Good cause exists when "the moving party has diligently made efforts to meet court imposed deadlines, " or when evidence came to light after the deadline. See Tawwaab v. Virginia Linen Serv., Inc., 729 F.Supp.2d 757, 768-69 (D. Md. 2010) (citations omitted). Leave to amend may be denied when the moving party was careless or failed to explain the reason for failing to properly plead. See id. at 769; Rassoull, 209 F.R.D. at 374 ("[T]he focus of the inquiry is upon the moving party's reasons for seeking modification. If that party was not diligent, the inquiry should end.") ( quoting Marcum v. Zimmer, 163 F.R.D. 250, 254 (S.D. W.Va.1995)). Once good cause is shown, leave should freely be given when justice requires. Fed. R.Civ.P. 15(a)(2).

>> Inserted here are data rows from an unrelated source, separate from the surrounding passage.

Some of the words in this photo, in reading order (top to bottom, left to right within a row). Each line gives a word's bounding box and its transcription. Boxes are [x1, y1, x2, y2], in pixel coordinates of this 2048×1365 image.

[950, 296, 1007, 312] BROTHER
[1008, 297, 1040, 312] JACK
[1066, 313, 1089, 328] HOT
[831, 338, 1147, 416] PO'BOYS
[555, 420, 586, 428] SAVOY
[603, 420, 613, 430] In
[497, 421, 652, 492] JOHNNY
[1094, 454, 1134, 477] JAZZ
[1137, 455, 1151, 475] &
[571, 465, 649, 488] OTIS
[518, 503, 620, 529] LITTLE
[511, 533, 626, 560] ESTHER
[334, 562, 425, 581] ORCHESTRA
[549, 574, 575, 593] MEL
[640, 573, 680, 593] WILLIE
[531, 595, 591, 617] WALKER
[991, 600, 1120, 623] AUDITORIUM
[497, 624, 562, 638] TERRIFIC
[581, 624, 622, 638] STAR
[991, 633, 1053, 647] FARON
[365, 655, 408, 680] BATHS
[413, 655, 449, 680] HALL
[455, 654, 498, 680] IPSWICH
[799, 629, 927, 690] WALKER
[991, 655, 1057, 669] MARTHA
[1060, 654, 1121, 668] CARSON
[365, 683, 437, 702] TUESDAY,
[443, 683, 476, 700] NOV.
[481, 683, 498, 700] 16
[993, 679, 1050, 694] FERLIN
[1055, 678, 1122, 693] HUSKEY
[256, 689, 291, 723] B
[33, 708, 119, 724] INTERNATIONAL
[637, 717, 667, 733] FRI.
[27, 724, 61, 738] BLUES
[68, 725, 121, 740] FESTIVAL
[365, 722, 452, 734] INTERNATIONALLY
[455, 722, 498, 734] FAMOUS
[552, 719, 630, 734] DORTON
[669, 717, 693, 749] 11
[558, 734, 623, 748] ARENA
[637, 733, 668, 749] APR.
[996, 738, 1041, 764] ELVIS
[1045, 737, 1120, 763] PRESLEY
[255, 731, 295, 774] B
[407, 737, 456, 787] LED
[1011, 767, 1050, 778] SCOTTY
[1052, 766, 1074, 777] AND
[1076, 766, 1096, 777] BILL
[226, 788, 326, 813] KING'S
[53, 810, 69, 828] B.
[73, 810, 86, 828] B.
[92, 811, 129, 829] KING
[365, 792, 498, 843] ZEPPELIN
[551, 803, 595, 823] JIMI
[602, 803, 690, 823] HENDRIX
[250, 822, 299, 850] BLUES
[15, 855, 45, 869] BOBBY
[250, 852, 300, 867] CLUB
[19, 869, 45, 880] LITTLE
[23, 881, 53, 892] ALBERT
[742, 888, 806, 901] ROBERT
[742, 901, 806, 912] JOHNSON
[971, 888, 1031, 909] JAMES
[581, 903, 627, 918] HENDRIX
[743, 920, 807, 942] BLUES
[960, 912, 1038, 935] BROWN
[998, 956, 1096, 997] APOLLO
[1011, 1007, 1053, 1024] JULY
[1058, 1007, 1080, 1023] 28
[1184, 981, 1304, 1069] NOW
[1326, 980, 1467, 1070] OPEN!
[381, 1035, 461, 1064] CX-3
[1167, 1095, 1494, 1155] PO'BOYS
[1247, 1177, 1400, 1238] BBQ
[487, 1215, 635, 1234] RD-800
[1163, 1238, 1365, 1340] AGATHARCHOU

Alvarez has not provided an explanation for his failure to state factual allegations against Steele.[19] Absent good reason for a tardy submission, a district court does not abuse its discretion in refusing leave to amend. See Montgomery, 182 Fed.App'x at 162; Rassoull, 209 F.R.D. at 374 ("[I]t would behoove Plaintiff to provide the Court with some basis on which to judge good cause and Plaintiff has failed to do so."). Accordingly, Alvarez's request for leave to amend will be denied.[20]

III. Conclusion

For the reasons stated above, the Defendants' motion to dismiss will be granted.